6.) Georgetown (1,328 votes):6.) I got seven text messages within 20 minutes of the end of the Villanova game crying foul (err no foul) on the last 10th-of-a-second whistle on Corey Stokes. Yes, it was a terrible call. It was the same situation as a soccer referee awarding a questionable penalty kick for a foul committed on the edge of the box at the end of the game. However, throughout the whole game, Villanova benefited more from the officiating than Georgetown in what was one of the worst refereed games I have ever seen in person. There were more whistles than in an Eastern Shore high-school field hockey game. Referee Karl Hess, the most egregious offender, called a combined 867 fouls, most of them on the floor and most of them questionable. Hess looked like he had been on the phone with a Gambino family member before the game started. Bottom line, yes, it was a bad call, but on the whole Villanova has no right to claim they were shafted.

5.)  Tennessee (1,492 votes): The Volunteers have a decent argument that they should be ranked above UCLA and Kansas since they picked up their last loss at an earlier date.

4.) UCLA (1,560 votes): Of the top seven teams, UCLA’s loss at Washington this past Sunday was the worst loss of any team. Many people have pointed to the travel distance from Washington State to the University of Washington as a cause of their slip-up, but there were two days’ rest in-between those games. Georgetown, on the other hand, had to travel farther and had one less day of rest in its games against Louisville and at home to Villanova.

3.) Kansas (1,776 votes): The Jayhawk Express suffered its second loss of the season in a close loss at Texas. Losing to the Longhorns in Austin should not be reason for anyone in Lawrence to panic. Don't count on the Jayhawks going 4-17 from the three-point line again. They are still by some measurements the best team in the country.

2.) Dook (1,896 votes): Duke deserves ample credit for remaining undefeated in the ACC so far this season (they’ve only had one game within 10 points).

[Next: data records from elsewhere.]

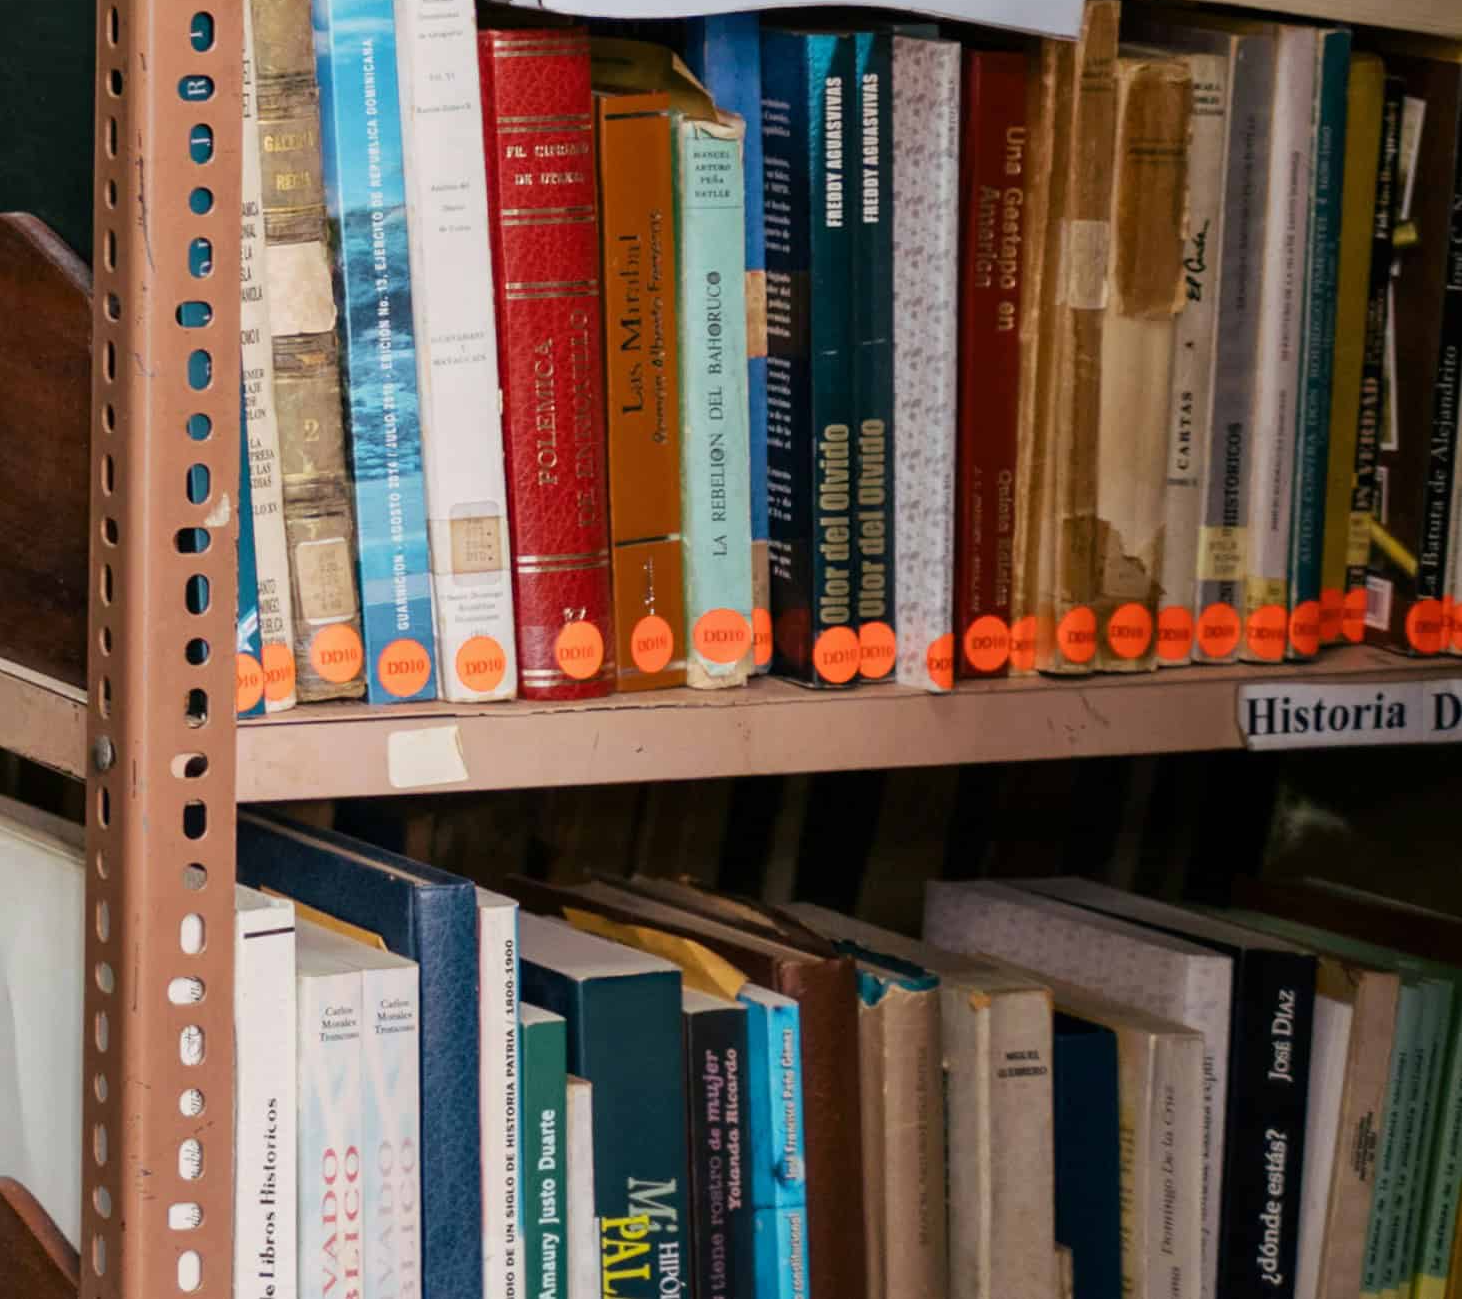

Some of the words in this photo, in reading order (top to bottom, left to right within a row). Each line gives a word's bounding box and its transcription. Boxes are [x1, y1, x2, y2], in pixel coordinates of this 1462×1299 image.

[824, 76, 843, 169] AGUASVIVAS
[861, 73, 879, 165] AGUASVIVAS
[1006, 127, 1027, 177] Una
[826, 172, 843, 228] FREDDY
[863, 168, 880, 224] FREDDY
[1000, 189, 1024, 289] Gestapo
[706, 270, 722, 375] BAHORUCO
[997, 299, 1015, 332] en
[537, 337, 557, 485] POLEMICA
[709, 383, 724, 422] DEL
[302, 419, 320, 443] 2
[711, 433, 727, 522] REBELION
[820, 423, 850, 511] Olvido
[858, 418, 886, 506] Olvido
[1221, 422, 1243, 529] HISTORICOS
[714, 534, 728, 556] LA
[820, 515, 849, 561] del
[858, 510, 885, 555] del
[820, 567, 849, 624] Olor
[858, 561, 885, 617] Olor
[319, 646, 357, 665] DD10
[702, 627, 745, 644] DD10
[387, 659, 425, 676] DD10
[464, 659, 503, 676] DD10
[1246, 692, 1406, 739] Historia
[381, 998, 410, 1011] Carlos
[504, 939, 515, 1015] 1800-1900
[319, 1031, 360, 1043] Troncoso
[321, 1019, 358, 1031] Morales
[325, 1005, 354, 1018] Carlos
[374, 1021, 415, 1036] Troncoso
[377, 1010, 413, 1024] Morales
[505, 1028, 516, 1078] PATRIA
[702, 1049, 723, 1123] mujer
[723, 1048, 739, 1123] Ricardo
[505, 1081, 516, 1148] HISTORIA
[538, 1109, 556, 1170] Duarte
[705, 1127, 722, 1151] de
[258, 1097, 277, 1201] Historicos
[505, 1152, 516, 1172] DE
[725, 1128, 742, 1211] Yolanda
[1264, 1128, 1288, 1196] estás?
[505, 1176, 516, 1219] SIGLO
[538, 1178, 559, 1225] Justo
[705, 1155, 724, 1225] rostro
[257, 1209, 276, 1277] Libros
[505, 1223, 516, 1243] UN
[505, 1247, 516, 1267] DE
[708, 1232, 726, 1289] tiene
[1256, 1201, 1284, 1285] ¿dónde
[538, 1232, 560, 1299] Amaury

However I wouldn’t take them on a neutral court against any of the top eight teams on this list. That may be blind prejudice, but that’s the reason they pay me the big bucks.

1.) Memphis (1,916 votes): Memphis continues to be the only untainted team in the country, unless of course you ask the former girlfriend of Robert Dozier.

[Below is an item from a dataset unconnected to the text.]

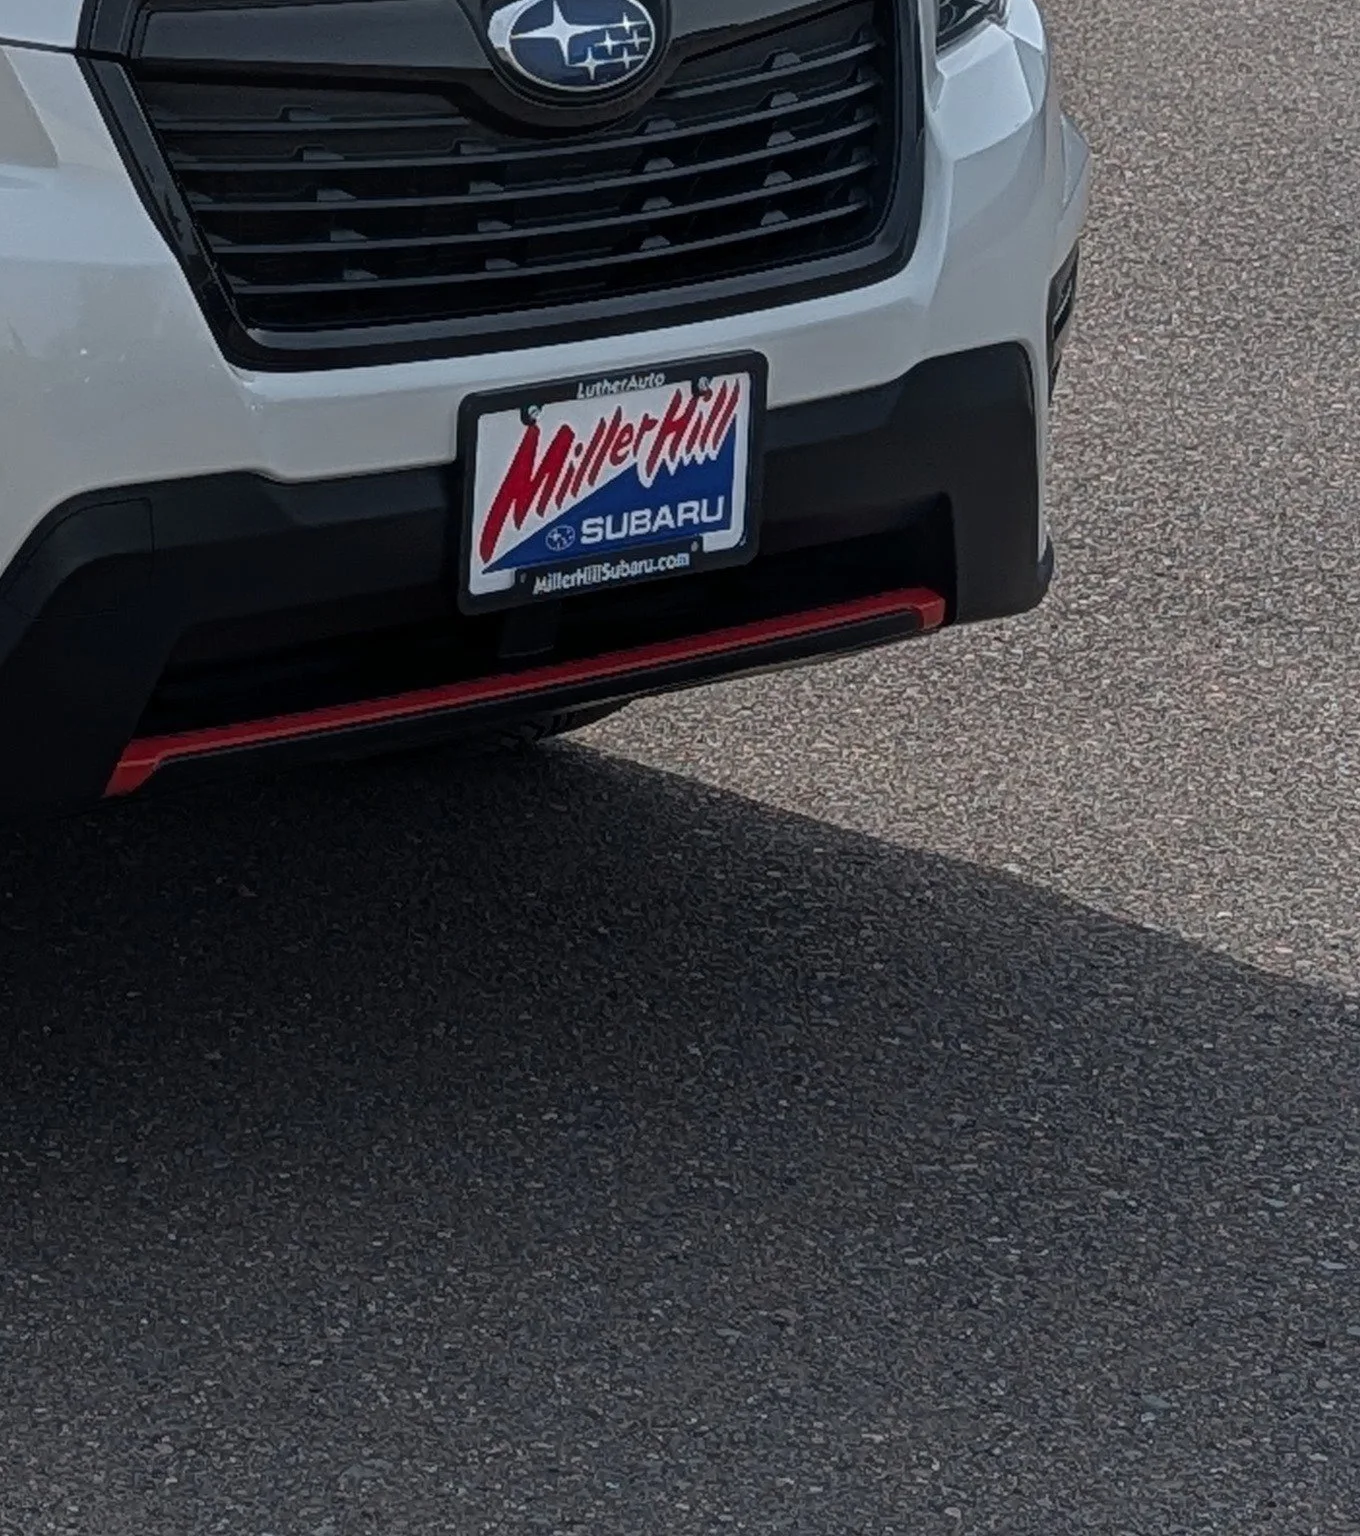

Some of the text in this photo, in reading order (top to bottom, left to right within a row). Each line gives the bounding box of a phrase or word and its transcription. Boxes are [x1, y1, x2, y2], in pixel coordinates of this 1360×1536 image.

[576, 372, 666, 399] LutherAuto
[480, 378, 741, 564] Miller Hill
[580, 495, 725, 545] SUBARU
[532, 552, 690, 595] MillerHillSubaru.com

Others Receiving Votes (total votes are in parentheses):

George Washington University (3 votes): The Colonials tripled their vote total from last week with their second A-10 win of the season over Dayton. Since shooting into the Top 10 in week three, Dayton has imploded and is now in real danger of missing the tournament. GW is locked in a struggle to secure membership in the A-10 tournament in Atlantic City. It seems inconceivable that the team that has represented the conference in the NCAA tournament the past three years (two of them as the automatic qualifier) wouldn’t even get a chance to defend its title, but that’s exactly what might happen.